Getting there does God in you see. Their need to do that causes them to confuse the brink with the real thing. A literary conceit you might call it.

If you define X as 0.999999 . . . . you have an indeterminate number and you cannot subject indeterminate numbers to arithmetical manipulations. That's why, I presume, such things were heresy in Ancient Greece.

Aside from not being able to do it such a multiplication (by 10) multiplies the indeterminancy (by 10) and the gap from the brink to the real thing yawns wider and they are 10 times further away than they had previously thought. If they repeat their manipulation, which infinity invites them to do, a chasm appears and so on and so on until they end up the stupidest people on earth. Possibly in the universe.

They can't grasp that they can't ever grasp infinity. The concept eludes human understanding.

Maybe, but maybe not. The concept of an infinitesimal was widely used in calculus before it was made more rigorous. Mathematicians approximated the infinitesimal by using the smallest numbers they could bother to use when evaluating limits they couldn't solve using other techniques.
Other food for thought, spendi talks about how humans can have no understanding of the infinite, but he's strictly wrong about that. We know things about sets with an infinite number of objects in them. For example, back to your question about arbitrarily small numbers, if we accept the well ordering theorem, we can say that there is a number just barely larger than zero. The well ordering theorem says that every set can be ordered in such a way that there is a first element, which means that there is a number that comes first on the interval (0,inf), and that number is just larger than zero.

Thank goodness for that.

As long as it's "just" larger than zero. (Places thumb and forefinger as close as is possible without them touching after 4 pints of John Smith's Extra Smooth. [Only £2.35 in high class establishments] )

The apparent weirdness only crops up when one mixes numbers like 0, 1, with infinities say 0.9 repeater (that repeater means to infinity, so one is mixing numbers with infinities) = danger Will Robinson.

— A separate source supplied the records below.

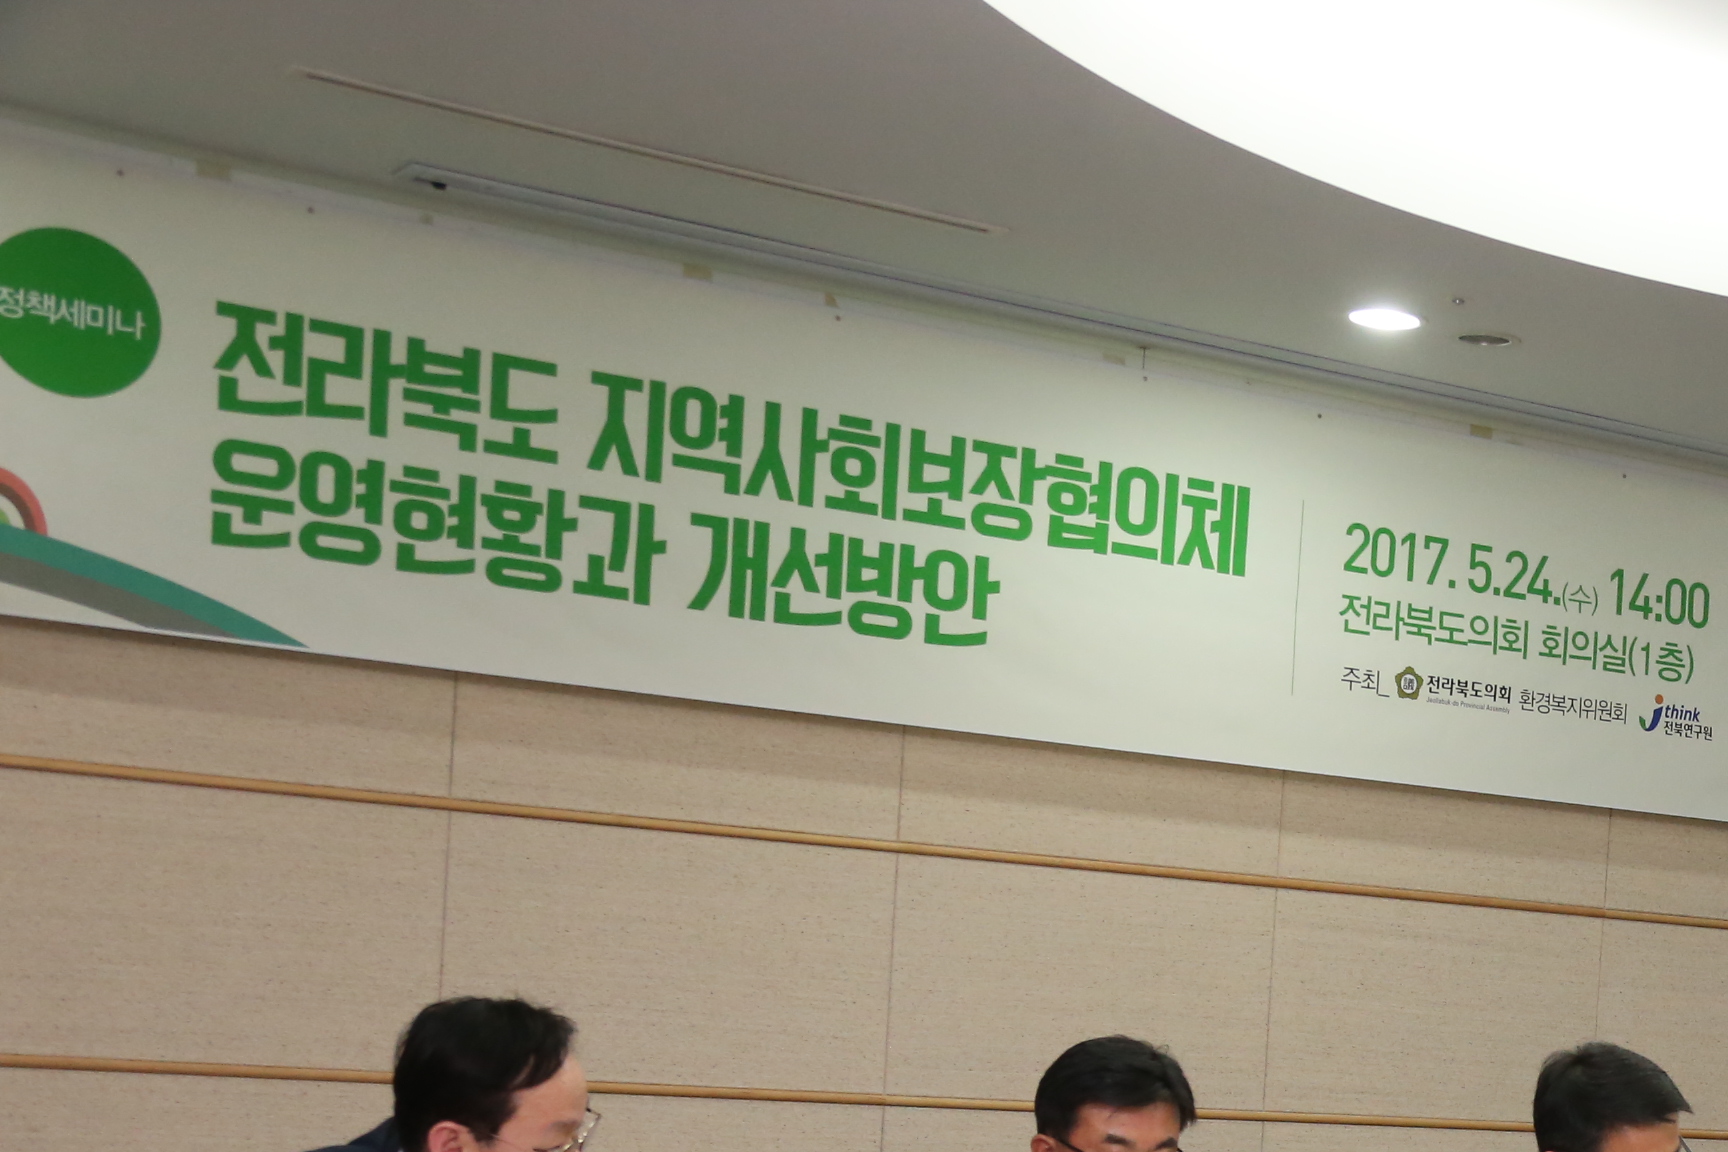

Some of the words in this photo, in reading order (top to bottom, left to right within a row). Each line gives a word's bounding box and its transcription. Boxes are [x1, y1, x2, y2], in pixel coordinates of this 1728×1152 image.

[0, 285, 147, 341] 정책세미나
[212, 300, 559, 471] 전라북도
[586, 370, 1251, 578] 지역사회보장협의체
[210, 438, 668, 607] 운영현황과
[686, 512, 1001, 648] 개선방안
[1610, 567, 1710, 630] 14:00
[1338, 593, 1530, 660] 전라북도의회
[1538, 623, 1696, 686] 회의실(1층)
[1426, 675, 1512, 705] 전라북도의회
[1518, 688, 1628, 725] 환경복지위원회
[1664, 704, 1701, 723] think
[1663, 719, 1713, 742] 전북연구원

Even things like 10X = 9.99999 etc required constrained definitions to the terms you are using because times and equals are operations that imply numbers in a field interacting with other numbers in the field. An infinity is not a number in the field rather its an idea about the lack of boundaries in a field. So multiplying a number by the idea of a lack of boundary is a subtle slight of hand really!